WHAT YOU SHOULD DO ->
Apart from the images, every record here needs to be copied exactly.

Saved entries

▼

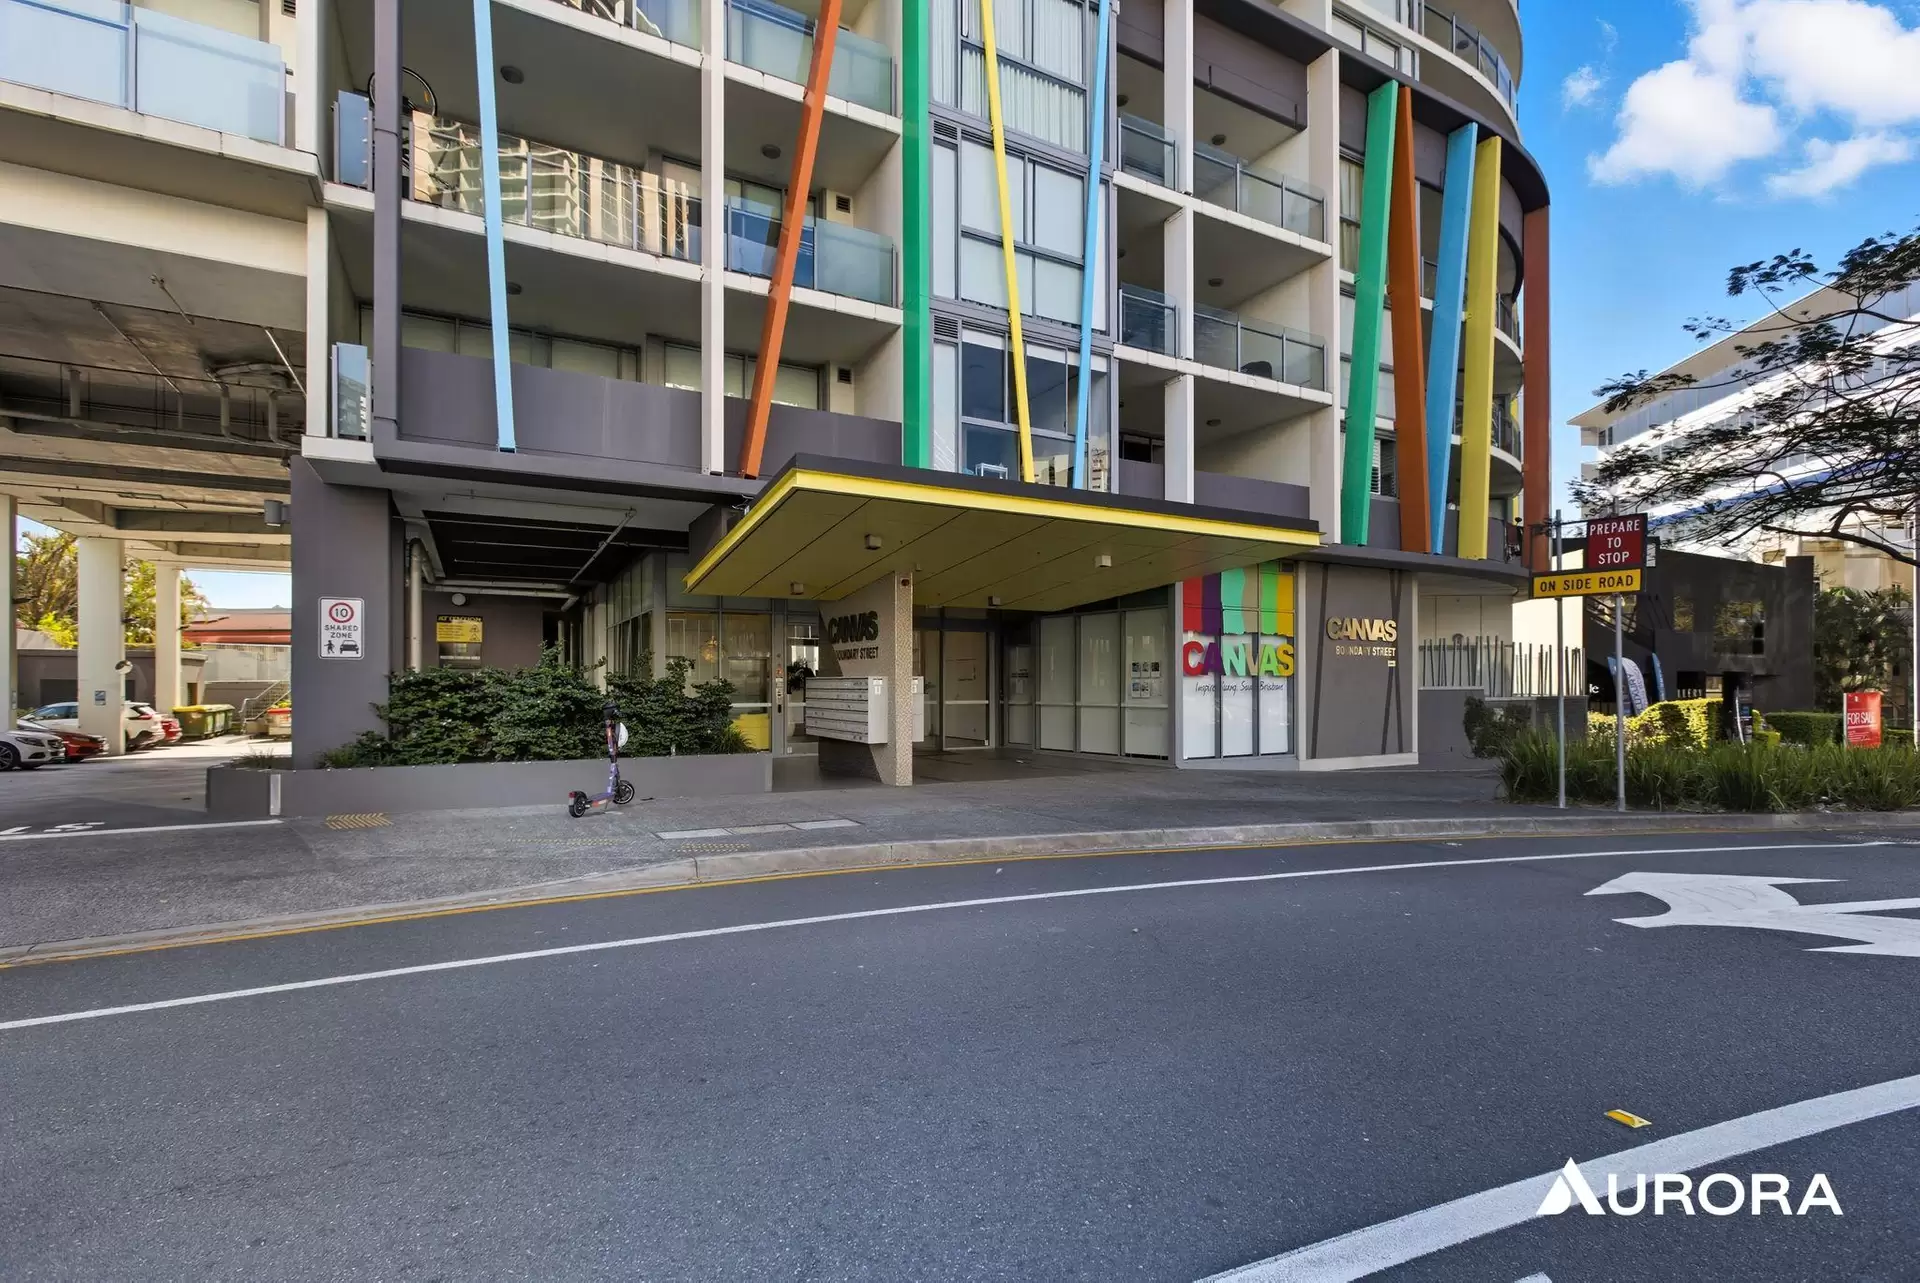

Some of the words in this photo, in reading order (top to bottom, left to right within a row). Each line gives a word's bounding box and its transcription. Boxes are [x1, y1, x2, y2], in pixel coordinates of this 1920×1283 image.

[1590, 520, 1640, 536] PREPARE
[1607, 537, 1622, 549] TO
[1598, 551, 1630, 565] STOP
[1540, 581, 1556, 592] ON
[1563, 578, 1592, 591] SIDE
[1599, 575, 1634, 588] ROAD
[335, 608, 349, 618] 10
[828, 611, 879, 644] CANVAS
[1327, 616, 1397, 642] CANVAS
[860, 647, 879, 660] STREET
[1335, 645, 1372, 657] BONDAY
[1372, 646, 1396, 657] STREET
[1183, 641, 1294, 677] CANVAS
[1847, 712, 1861, 724] FOR
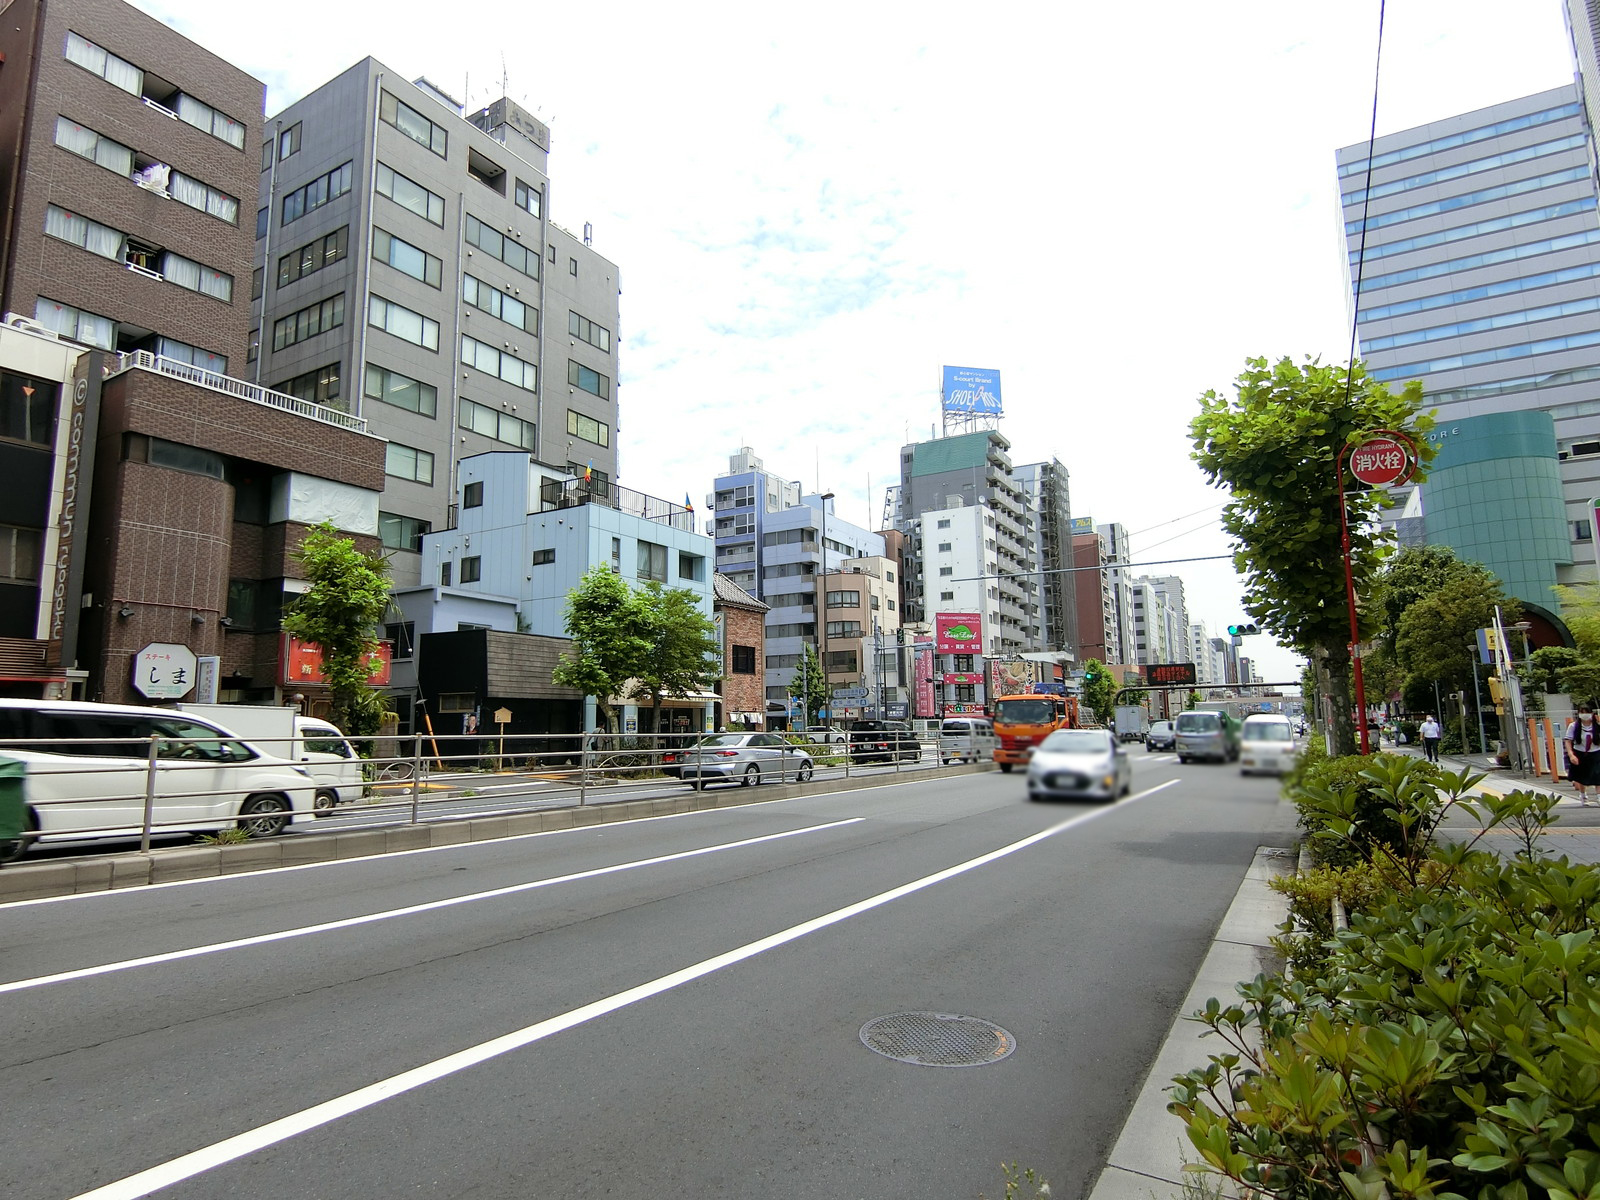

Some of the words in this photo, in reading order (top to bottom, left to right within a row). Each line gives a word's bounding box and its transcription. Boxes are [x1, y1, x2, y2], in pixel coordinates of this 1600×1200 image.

▲

RESPONSE TO THE EXERCISE ->
Some of the words in this photo, in reading order (top to bottom, left to right within a row). Each line gives a word's bounding box and its transcription. Boxes are [x1, y1, x2, y2], in pixel coordinates of this 1920×1283 image.

[1590, 520, 1640, 536] PREPARE
[1607, 537, 1622, 549] TO
[1598, 551, 1630, 565] STOP
[1540, 581, 1556, 592] ON
[1563, 578, 1592, 591] SIDE
[1599, 575, 1634, 588] ROAD
[335, 608, 349, 618] 10
[828, 611, 879, 644] CANVAS
[1327, 616, 1397, 642] CANVAS
[860, 647, 879, 660] STREET
[1335, 645, 1372, 657] BONDAY
[1372, 646, 1396, 657] STREET
[1183, 641, 1294, 677] CANVAS
[1847, 712, 1861, 724] FOR

Some of the words in this photo, in reading order (top to bottom, left to right within a row). Each line gives a word's bounding box and its transcription. Boxes are [x1, y1, x2, y2], in pixel coordinates of this 1600×1200 image.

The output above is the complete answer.